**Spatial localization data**
>>>>

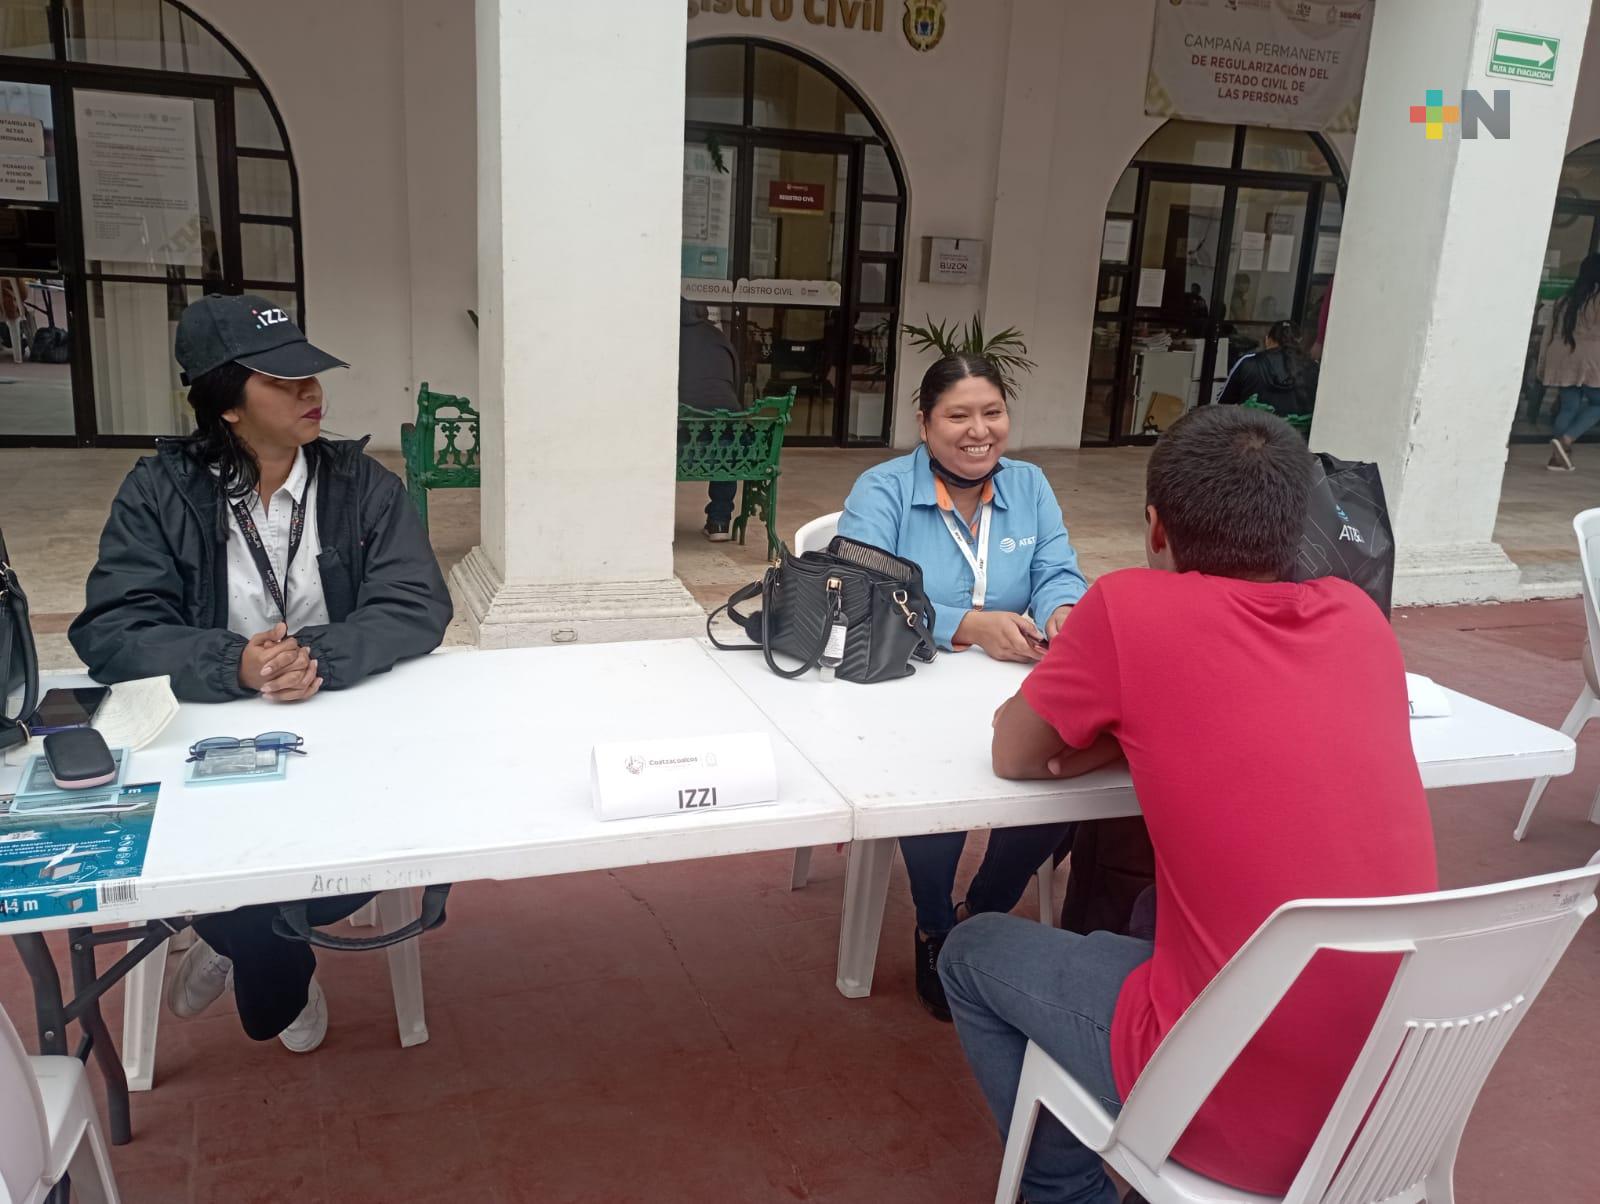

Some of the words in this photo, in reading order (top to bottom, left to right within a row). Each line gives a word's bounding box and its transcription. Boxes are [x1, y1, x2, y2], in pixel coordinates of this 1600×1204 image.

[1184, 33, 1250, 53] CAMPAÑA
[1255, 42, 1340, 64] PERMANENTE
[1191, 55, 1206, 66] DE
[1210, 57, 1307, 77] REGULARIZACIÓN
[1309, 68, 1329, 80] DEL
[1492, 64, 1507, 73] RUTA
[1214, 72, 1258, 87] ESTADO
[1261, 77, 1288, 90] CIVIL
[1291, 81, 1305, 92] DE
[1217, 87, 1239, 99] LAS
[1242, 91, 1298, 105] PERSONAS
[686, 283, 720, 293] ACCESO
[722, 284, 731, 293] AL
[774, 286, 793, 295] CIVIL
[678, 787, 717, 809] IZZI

<<<<

**What the task asks**
From the first line to the last, return the records exactly and leave the pictures behind.

**Written response**
Some of the words in this photo, in reading order (top to bottom, left to right within a row). Each line gives a word's bounding box and its transcription. Boxes are [x1, y1, x2, y2], in pixel coordinates of this 1600×1204 image.

[1184, 33, 1250, 53] CAMPAÑA
[1255, 42, 1340, 64] PERMANENTE
[1191, 55, 1206, 66] DE
[1210, 57, 1307, 77] REGULARIZACIÓN
[1309, 68, 1329, 80] DEL
[1492, 64, 1507, 73] RUTA
[1214, 72, 1258, 87] ESTADO
[1261, 77, 1288, 90] CIVIL
[1291, 81, 1305, 92] DE
[1217, 87, 1239, 99] LAS
[1242, 91, 1298, 105] PERSONAS
[686, 283, 720, 293] ACCESO
[722, 284, 731, 293] AL
[774, 286, 793, 295] CIVIL
[678, 787, 717, 809] IZZI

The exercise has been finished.